Ehemaliger Parkplatz in Karow soll nicht weiter verwahrlosen

Karow. Auf der Fläche des früheren Parkplatzes an der Achillesstraße, Lossebergplatz und Straße Zum Kappgraben muss sich endlich etwas tun.

Deshalb soll sich das Bezirksamt gemeinsam mit dem Liegenschaftsfonds, ansässigen Gewerbetreibenden, lokalen Initiativen sowie Anwohnern in Verbindung setzen. Gemeinsam solle überlegt werden, wie diese Fläche vorläufig genutzt werden kann. Das beschloss die Bezirksverordnetenversammlung (BVV) auf Antrag der CDU-Fraktion. Als das Neubaugebiet Karow-Nord Mitte der 90er-Jahre entstand, versuchte ein Privatmann zunächst, dort einen kostenpflichtigen Parkplatz zu betreiben. Als das misslang, wurde die Zufahrt zum Platz mit Betonteilen abgesperrt. So sei er inzwischen seit vielen Jahren einer sinnvollen Nutzung entzogen worden, meint CDU-Fraktionschef Johannes Kraft.

Hinzu kommt, dass auf dieser Fläche immer wieder illegal Müll entsorgt wird. Weil es keinerlei Hinweise gibt, denken viele Karower auch, dass es sich um öffentliches Straßenland handelt, für das der Bezirk zuständig ist. Dabei ist gar nicht das Bezirksamt Pankow, sondern der Liegenschaftsfonds für diese Fläche verantwortlich. Über den Zustand des Platzes ärgern sich laut Kraft viele Karower.
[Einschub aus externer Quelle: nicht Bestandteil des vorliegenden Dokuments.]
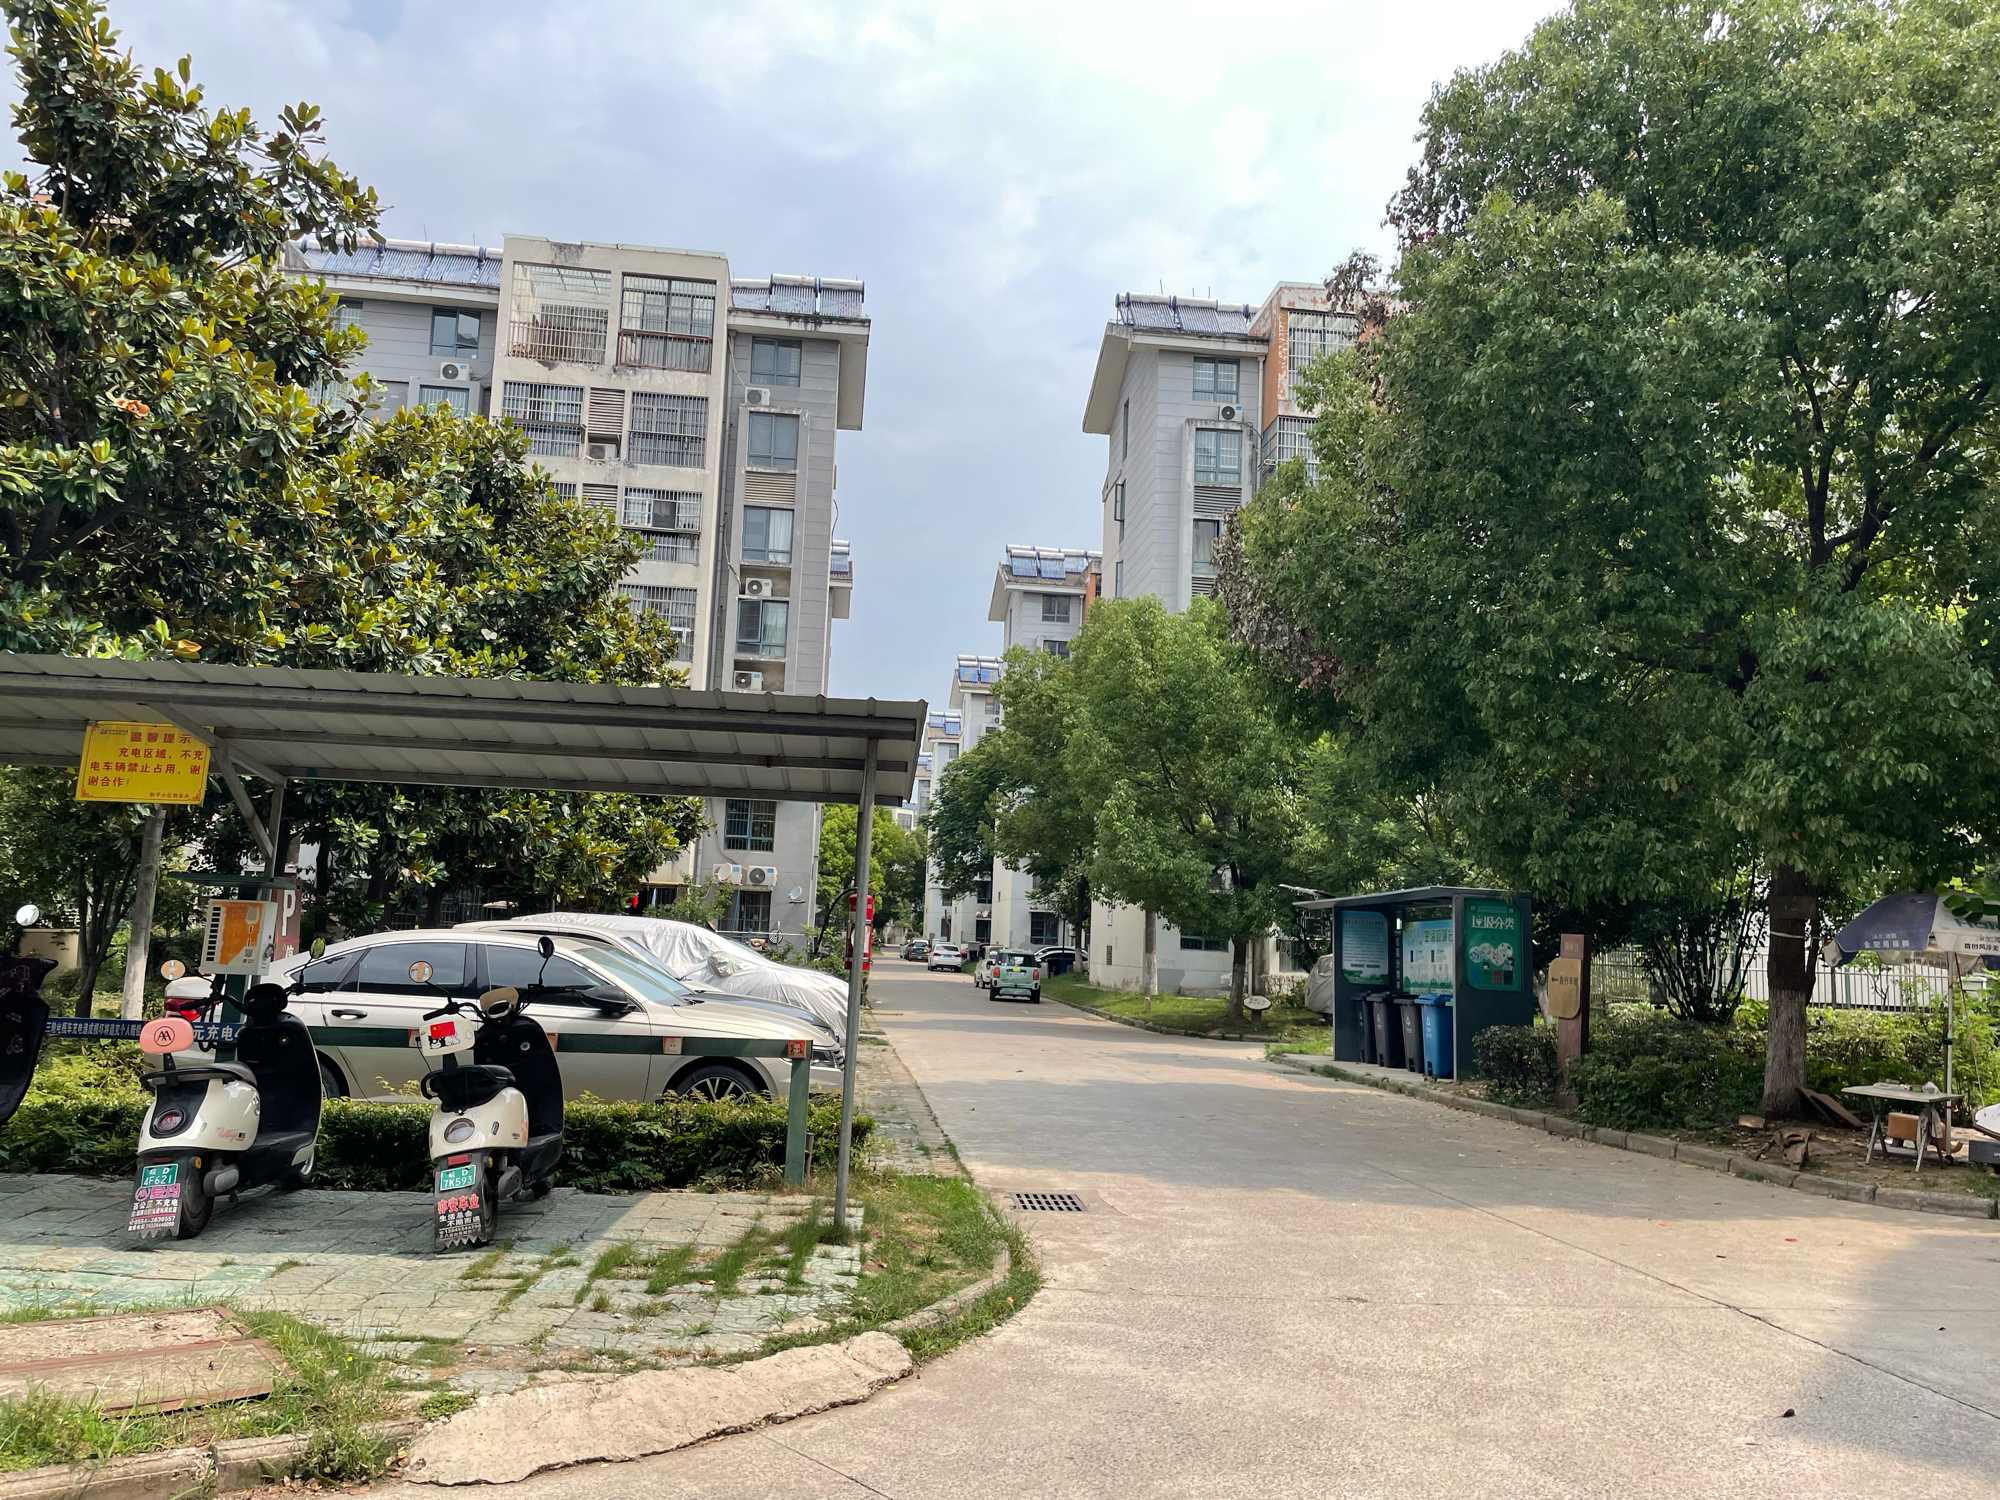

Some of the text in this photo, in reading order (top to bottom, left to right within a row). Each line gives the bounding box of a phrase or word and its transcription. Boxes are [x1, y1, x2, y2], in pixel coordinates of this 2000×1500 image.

Auch für die Schüler und Lehrer der nahe gelegenen Robert-Havemann-Oberschule sowie Kinder und Eltern der Kita in der Nähe ist diese Fläche kein schöner Anblick.

Planungsziel aufgegeben

Die Verwahrlosung sollte deshalb nicht weiter hingenommen werden, betont Kraft. Im Stadtentwicklungsausschuss der BVV stellte das Bezirksamt klar, dass auf der Fläche ursprünglichen Planungen zufolge eine Jugendfreizeiteinrichtung entstehen sollte. Dieses Planungsziel wurde allerdings vor Jahren aufgegeben.

Deshalb ist jetzt der Liegenschaftsfonds des Landes Berlin zuständig. Dieser strebt eine Vermarktung des Grundstücks an. Vorgesehen ist, dort Wohnhäuser zu errichten. Eine Umsetzung dieser Planung ist allerdings noch nicht in Sicht. Deshalb einigten sich die Bezirksverordneten, dass eine Zwischennutzung der Fläche anzustreben ist, die gemeinsam mit den Anliegern erarbeitet werden soll.